§ Exercise description
Could you copy the records below exactly, leaving out any pictures they include?

§ Saved entries
>>

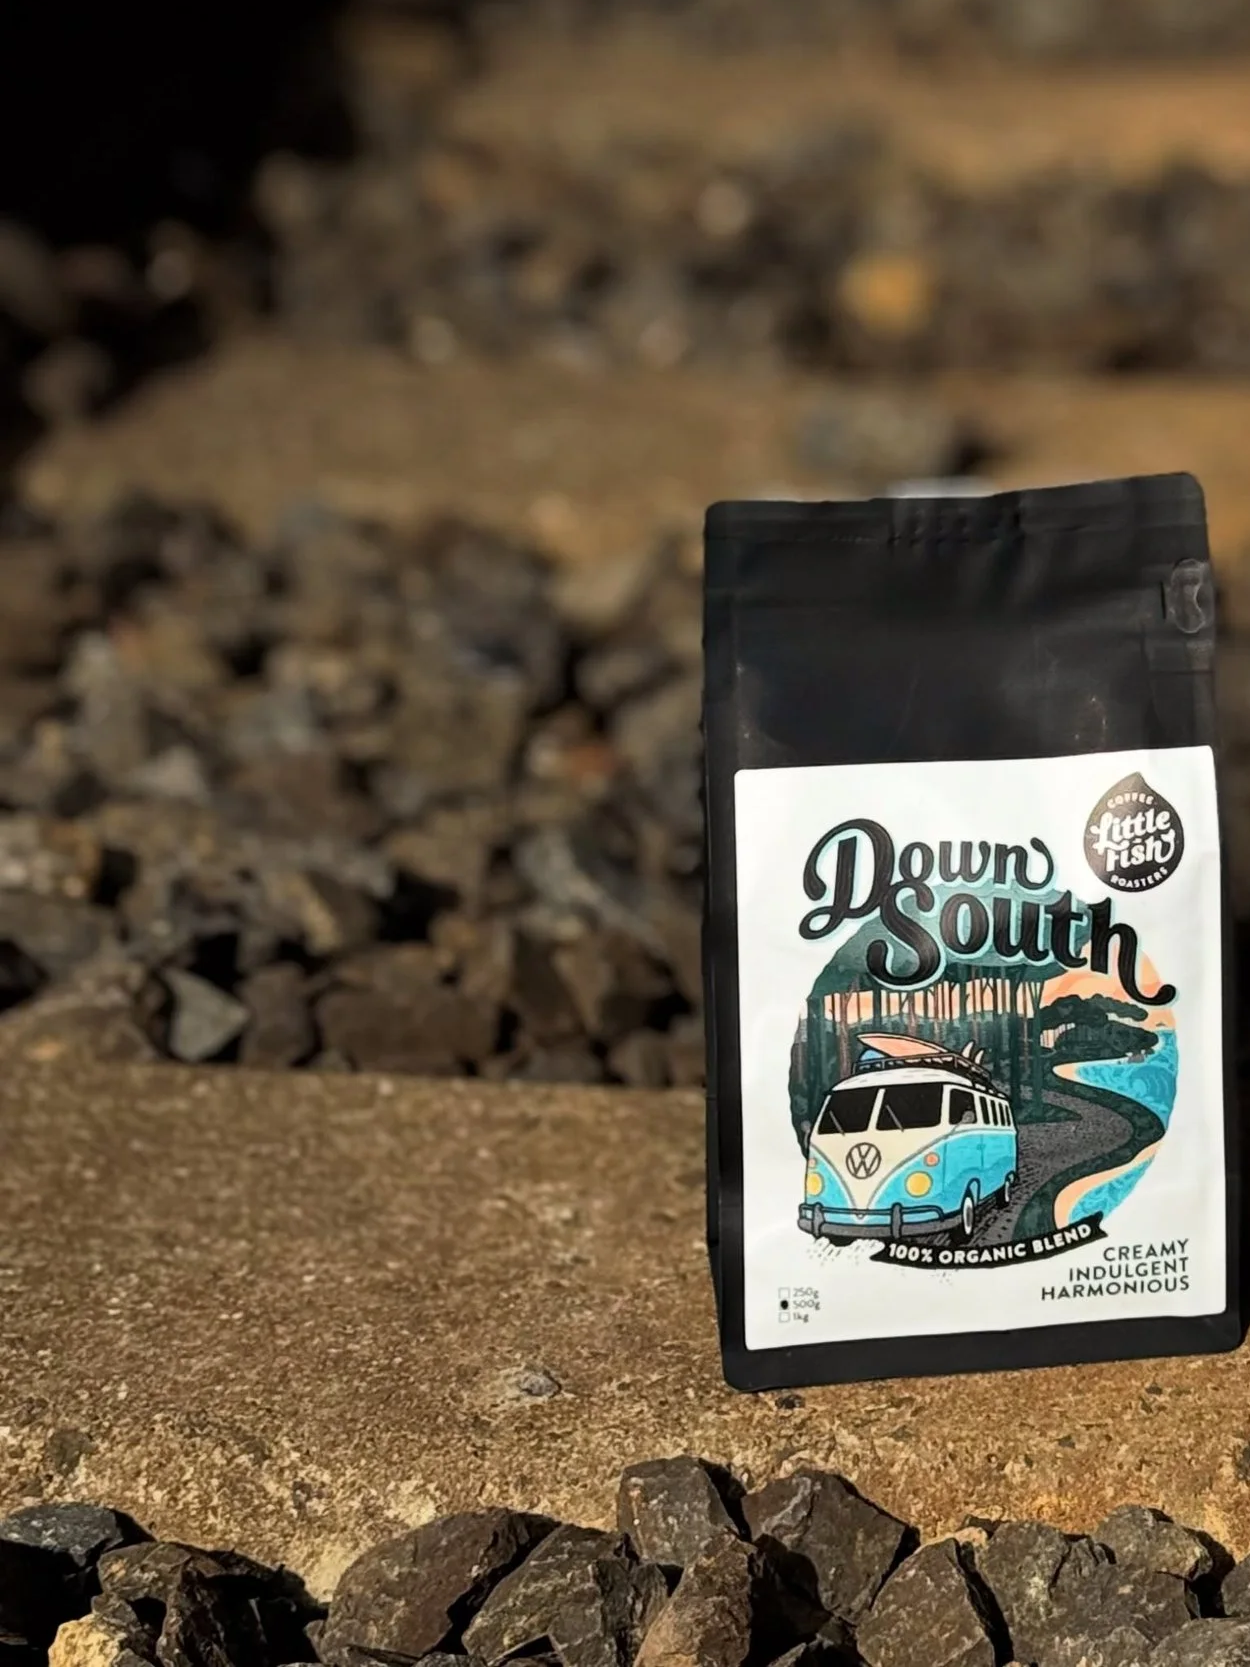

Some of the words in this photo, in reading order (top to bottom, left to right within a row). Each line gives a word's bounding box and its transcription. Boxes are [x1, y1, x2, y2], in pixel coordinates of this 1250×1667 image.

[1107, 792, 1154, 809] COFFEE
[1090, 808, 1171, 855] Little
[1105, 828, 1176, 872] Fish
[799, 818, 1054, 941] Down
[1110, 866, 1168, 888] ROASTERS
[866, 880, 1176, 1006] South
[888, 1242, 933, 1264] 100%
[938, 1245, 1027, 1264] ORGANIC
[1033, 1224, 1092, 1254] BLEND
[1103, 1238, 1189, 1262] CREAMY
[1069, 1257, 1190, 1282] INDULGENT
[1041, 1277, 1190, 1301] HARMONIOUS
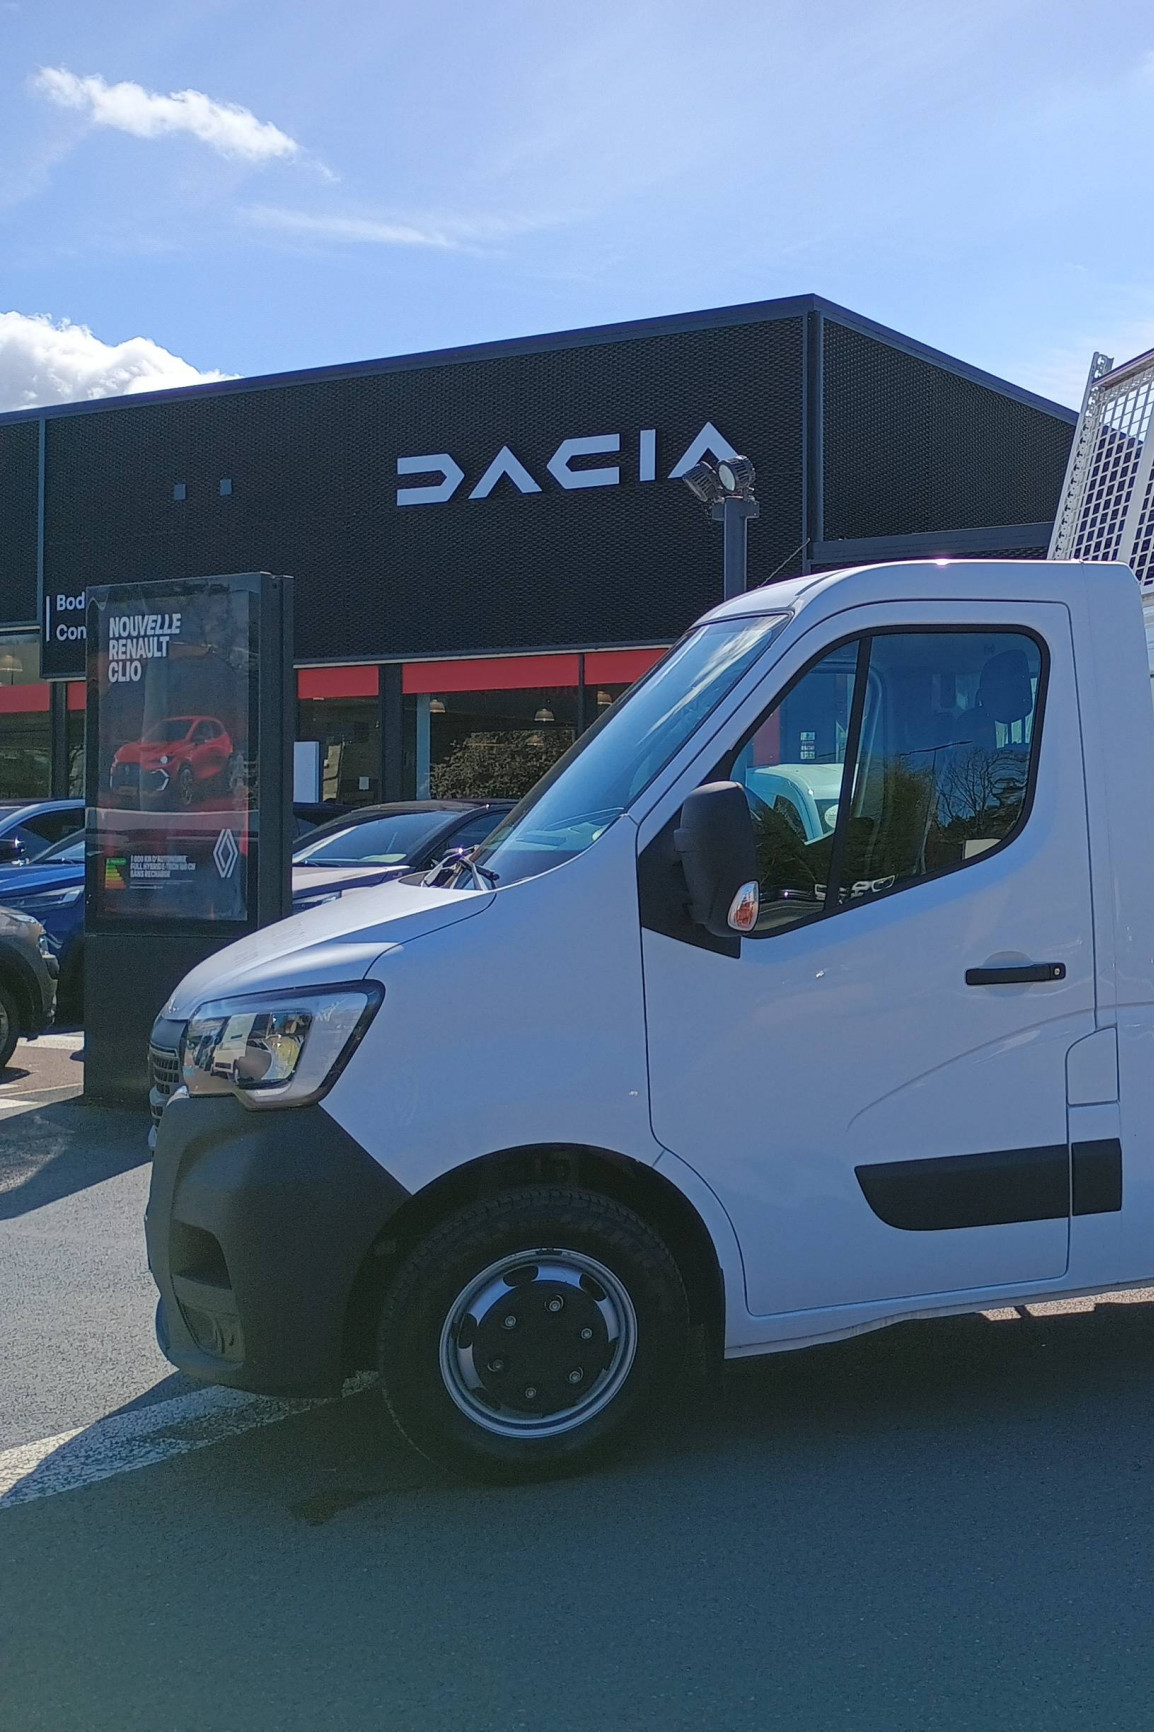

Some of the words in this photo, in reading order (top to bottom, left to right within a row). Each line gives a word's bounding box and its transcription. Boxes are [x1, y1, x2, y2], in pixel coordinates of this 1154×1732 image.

<<

§ Result of this exercise
Some of the words in this photo, in reading order (top to bottom, left to right within a row). Each line gives a word's bounding box and its transcription. Boxes are [x1, y1, x2, y2], in pixel coordinates of this 1250×1667 image.

[1107, 792, 1154, 809] COFFEE
[1090, 808, 1171, 855] Little
[1105, 828, 1176, 872] Fish
[799, 818, 1054, 941] Down
[1110, 866, 1168, 888] ROASTERS
[866, 880, 1176, 1006] South
[888, 1242, 933, 1264] 100%
[938, 1245, 1027, 1264] ORGANIC
[1033, 1224, 1092, 1254] BLEND
[1103, 1238, 1189, 1262] CREAMY
[1069, 1257, 1190, 1282] INDULGENT
[1041, 1277, 1190, 1301] HARMONIOUS

Some of the words in this photo, in reading order (top to bottom, left to right within a row). Each line gives a word's bounding box and its transcription. Boxes are [x1, y1, x2, y2], in pixel coordinates of this 1154×1732 image.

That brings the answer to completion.